Which is a proof of the assumption that when the signs are multiplied by a reversible matrix, the quality of the linear regression will not change.

## 3. Conversion algorithm

**Algorithm**

1. Defining the feature and clonal feature
2. Training model without transformation
3. Obtaining the R2 metric on the model without transformation
4. Creating a random reversible matrix
5. Multiplying the reversible matrix by the feature matrix
6. Training the model on the reversible features
7. Obtaining the R2 therics of the transformed features
8. Comparison of metrics, conclusion

**Rationale**

The algorithm is justified on analytical proof is given in paragraph 2

## 4. Algorithm validation

In [5]:
import numpy as np

# Определение признаков для обучения  модели 

features = df.drop(['Страховые выплаты'], axis = 1)

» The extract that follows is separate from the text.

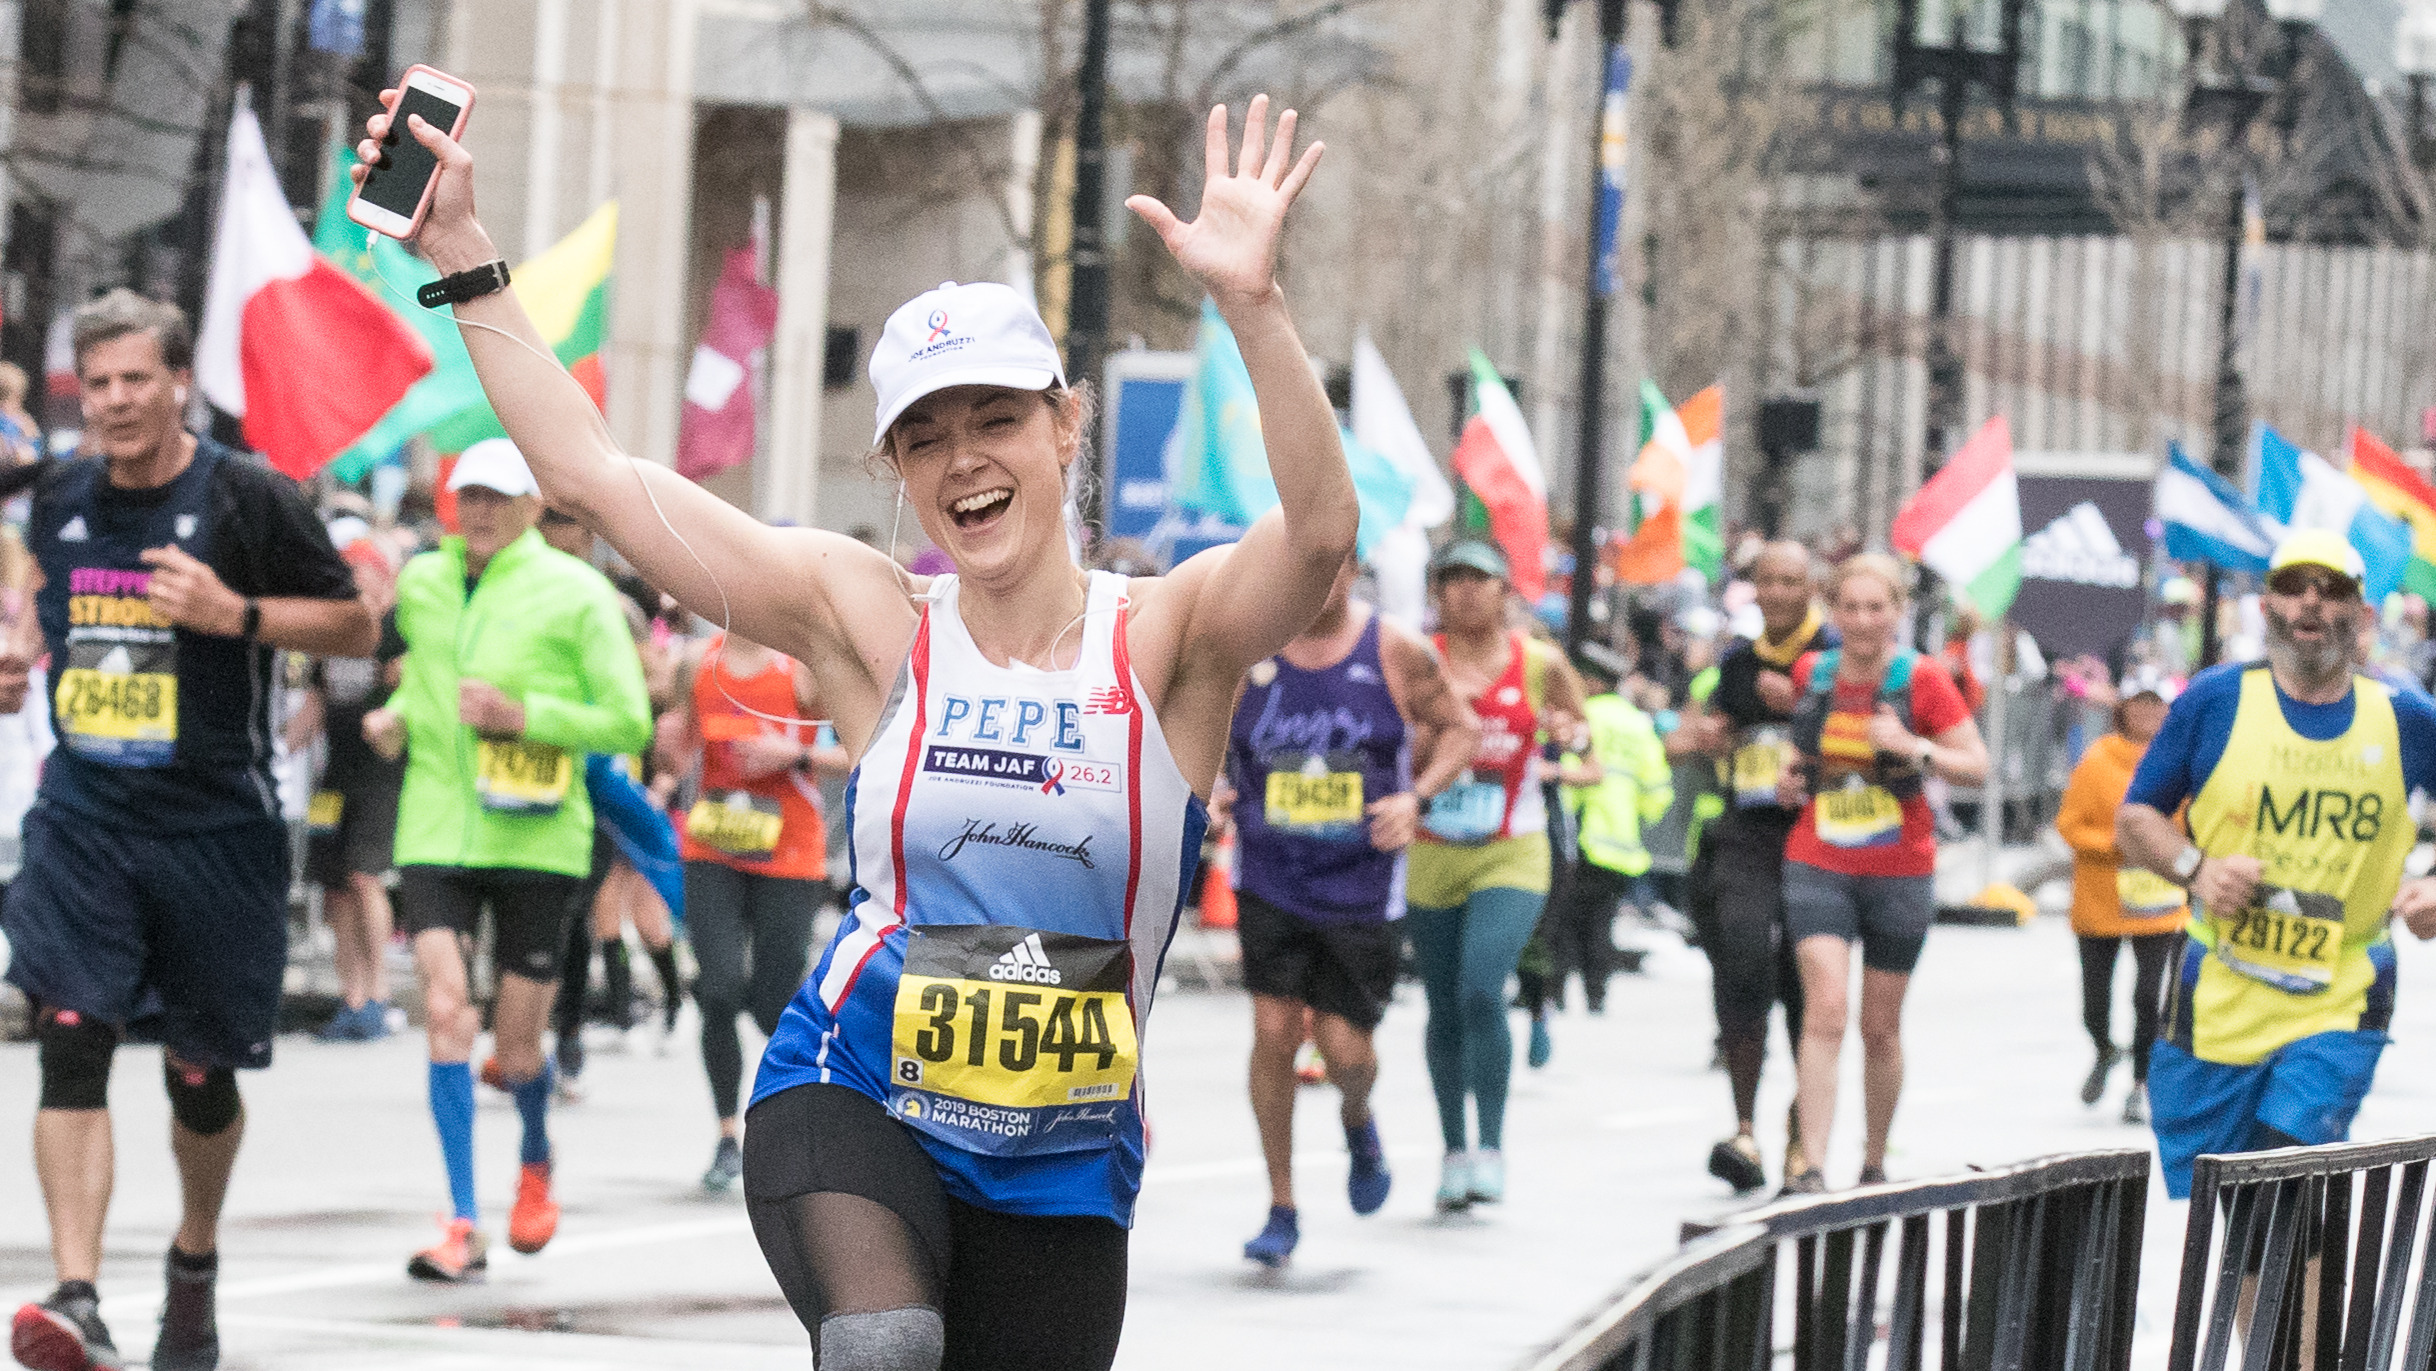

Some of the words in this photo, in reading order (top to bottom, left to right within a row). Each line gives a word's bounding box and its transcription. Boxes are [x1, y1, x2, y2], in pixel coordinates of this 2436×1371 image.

target = df['Страховые выплаты']

In [6]:
from sklearn.linear_model import LinearRegression
from sklearn.metrics import r2_score
    
# Defining features for model training

model=  LinearRegression()
model.fit(features,target)
prediction = model.predict(features)

r2 = r2_score(target,prediction).round(6)

r2

0.424946

In [7]:
from random import randint

# Function for creating a reversible matrix
def invertible_matrix(i,j):
    matrix = [[randint(0,9) for x in range(i)] for x in range(j)]
    try:
        inverse = np.linalg.inv(matrix)
    except np.linalg.LinAlgError:
    # Let's skip the irreversible matrix.
        pass
    else:
        return matrix 
    
Z = invertible_matrix(4,4)
Z

[[4, 4, 5, 3], [8, 2, 3, 0], [7, 1, 4, 7], [9, 0, 7, 3]]

In [8]:
# Transformation: multiplication of the feature matrix by a reversible matrix

features_transformed = np.dot(features, Z)

In [9]:
# Training of the model after transformationия

model_transformed =  LinearRegression()
model_transformed.fit(features_transformed, target)
prediction_transformed = model_transformed.predict(features_transformed)

r2_transformed = r2_score(target, prediction_transformed).round(6)

r2_transformed

0.424946

In [10]:
if r2 == r2_transformed:
    print("The hypothesis is correct: when the signs are multiplied by a reversible matrix, the quality of the linear regression will not change.")
    
else:
    print("There seems to be a mistake somewhere)

Гипотеза верная: при умножения признаки на обратимую матрицу, качество линейной регресии не изменится.